Arguments to legend()
Argument Description
x, y Coordinates of the legend. For example, x = 0, y = 0 will put the text at the coordinates (0, 0). Alternatively, we can enter a string indicating where to put the legend (i.e.; "topright", "topleft"). For example, "bottomright" will always put the legend at the bottom right corner of the plot.
labels A string vector specifying the text in the legend. For example, legend = c("Males, "Females") will create two groups with names Males and Females.
pch, lty, lwd, col, pt.bg, ... Additional arguments specifying symbol types (pch), line types (lty), line widths (lwd), background color of symbol types 21 through 25 (pt.bg) and several other optional arguments.

For example, we will draw a scatterplot of sepal width vs petal width for the two species from the iris dataset, and add a legend to it to identify the species.

# Create plot with data from one species 'setosa'
plot(x=iris$Sepal.Width[iris$Species=="setosa"],
     y=iris$Petal.Width[iris$Species=="setosa"],
     col='salmon', # Colors
     xlab = "Sepal Width", # x-axis label
     ylab = "Petal Width", # y-axis label
     main = "Sepal vs Petal", # title of the plot
     pch = 16, # type of symbol
     cex = 1, # size of symbol
     xlim = c(2,5), # limit of x-axis
     ylim = c(0,4) # limit of y-axis
     )
# Add data from another species 'virginica'
points(x = iris$Sepal.Width[iris$Species=="virginica"], 
       y = iris$Petal.Width[iris$Species=="virginica"],
       pch = 16, col = "blue")

# Add legend
legend("bottomright",
       legend = c("setosa", "virginica"),
       col = c('salmon', 'blue'),
       pch = c(16, 16),
       bg = "white")

5 Save plots

Once we create a plot in R, we want to save it to a file so that we can use it in another document. To do this, we use either the pdf(), png() or jpeg() functions.

We need to follow 3 steps:

  1. Execute the pdf() or jpeg() functions with file, width, height arguments.
  2. Execute all plotting code (e.g.; plot(x = 1:10, y = 1:10))
  3. Complete the file by executing the command dev.off().
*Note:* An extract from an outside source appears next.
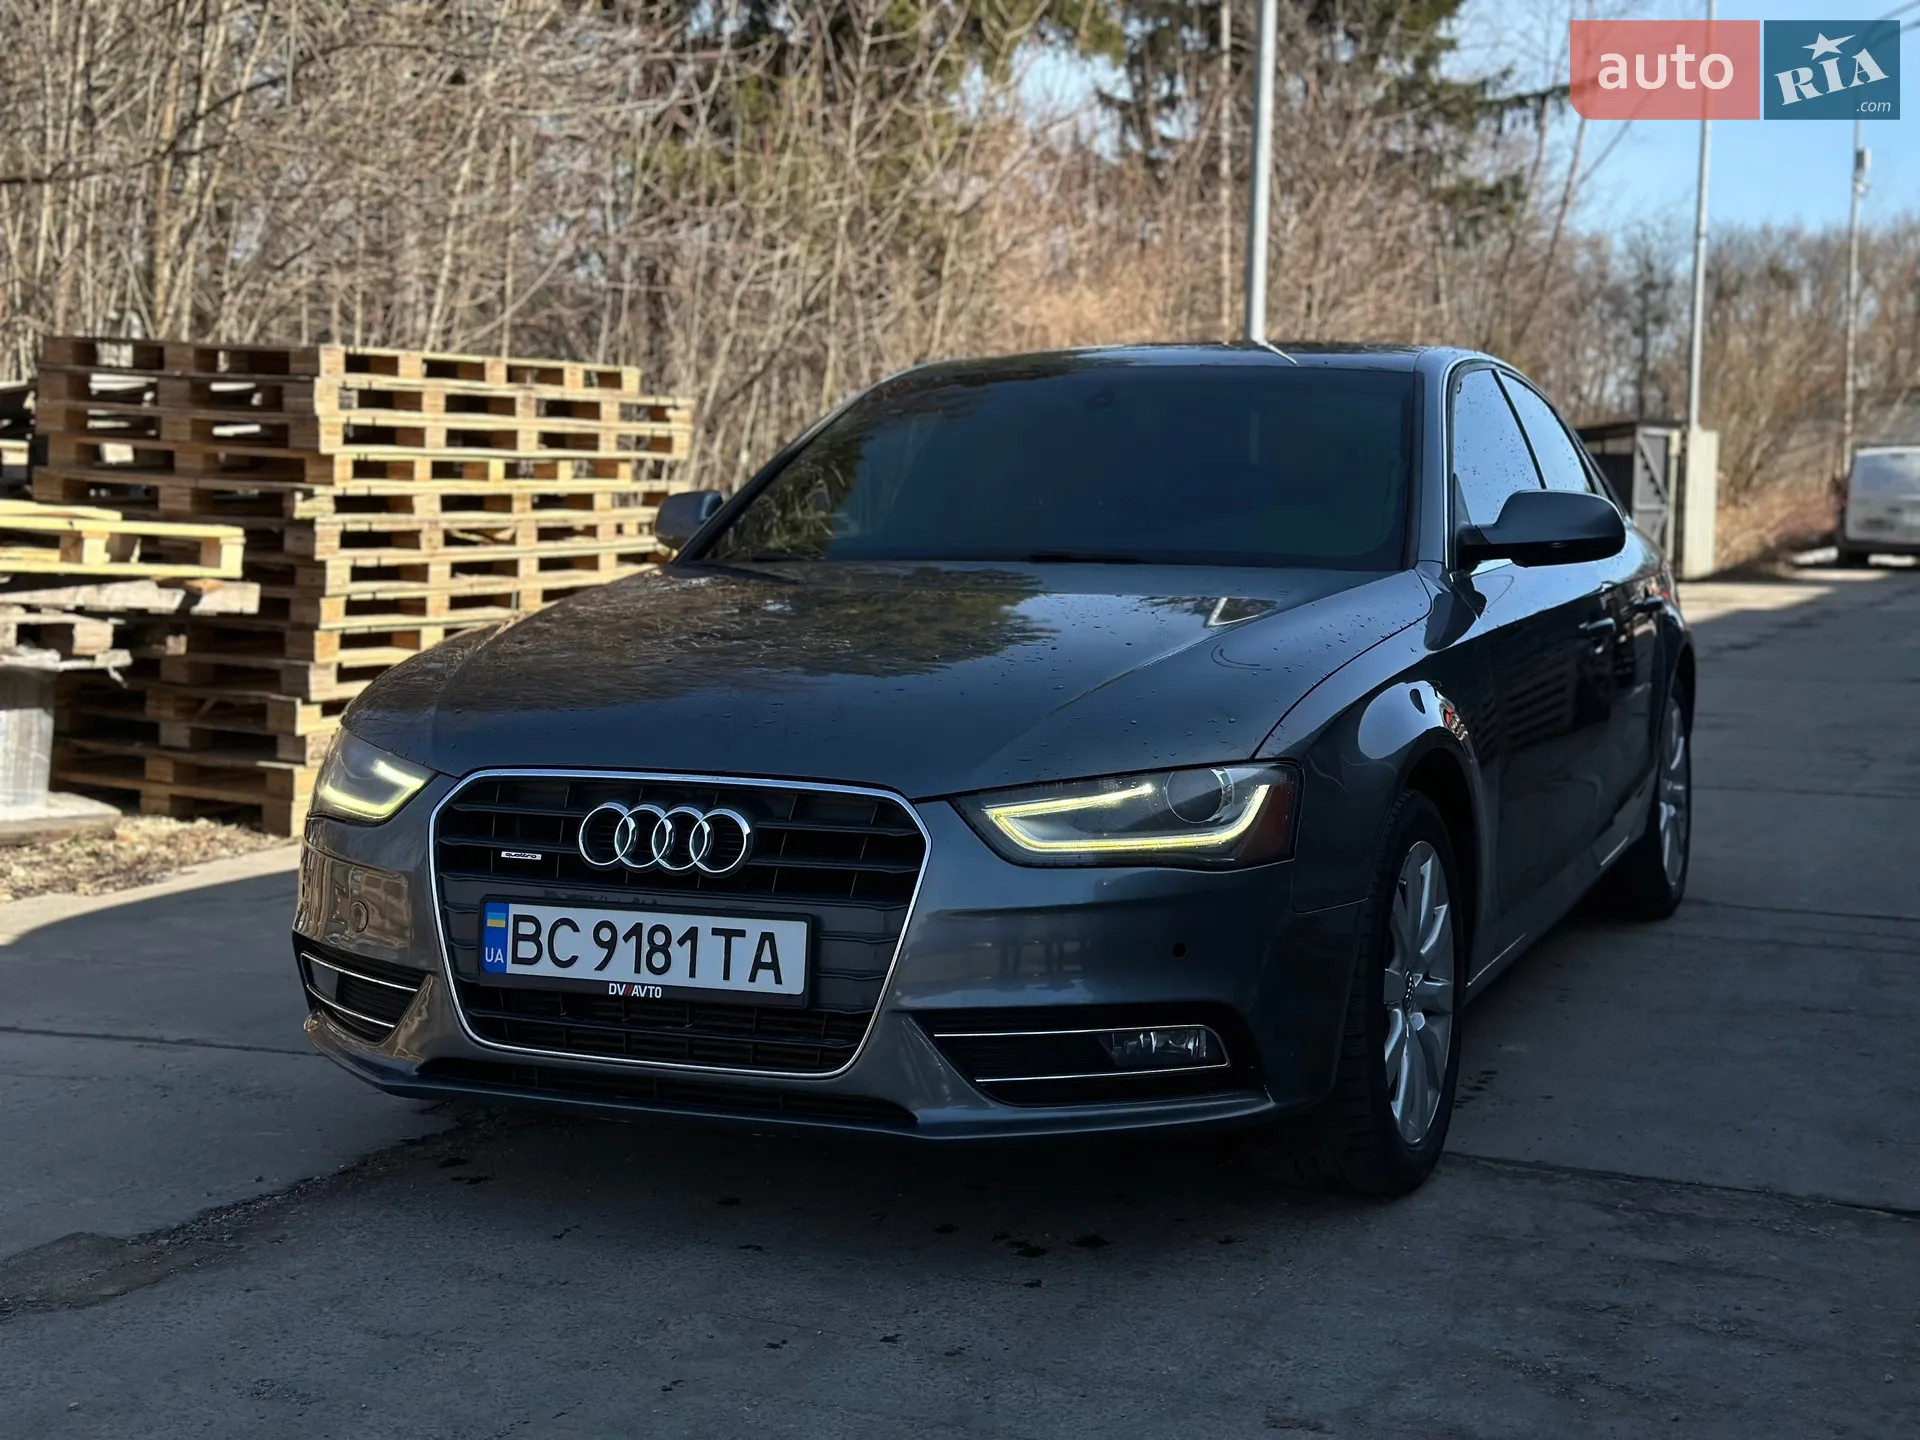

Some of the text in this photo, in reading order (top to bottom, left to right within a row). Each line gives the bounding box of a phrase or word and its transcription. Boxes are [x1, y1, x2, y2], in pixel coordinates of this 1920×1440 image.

[485, 947, 504, 964] UA
[511, 914, 783, 985] BC 9181 TA
This tells R that we are done creating the file.

For example:

# Step 1: Call the pdf command to start the plot
pdf(file = "plot1.pdf",   # The directory and file name where we want to save the file
    width = 4, # The width of the plot in inches
    height = 4) # The height of the plot in inches

# Step 2: Create the plot with R code
# We are keeping the last code
plot(x=iris$Sepal.Width[iris$Species=="setosa"],
     y=iris$Petal.Width[iris$Species=="setosa"],
     col='salmon', # Colors
     xlab = "Sepal Width", # x-axis label
     ylab = "Petal Width", # y-axis label
     main = "Sepal vs Petal", # title of the plot
     pch = 16, # type of symbol
     cex = 1, # size of symbol
     xlim = c(2,5), # limit of x-axis
     ylim = c(0,4) # limit of y-axis
     )
# Add data from another species 'virginica'
points(x = iris$Sepal.Width[iris$Species=="virginica"], 
       y = iris$Petal.Width[iris$Species=="virginica"],
       pch = 16, col = "blue")

# Add legend
legend("bottomright",
       legend = c("setosa", "virginica"),
       col = c('salmon', 'blue'),
       pch = c(16, 16),
       bg = "white")

# Step 3: Run dev.off() to create the file!
dev.off()

After we close the plot with dev.off(), a message like “null device” appears in the prompt. That is just R telling us that we can now create plots in the main R plotting window again.

The functions pdf(), jpeg(), and png() all work the same way, they just return different file types.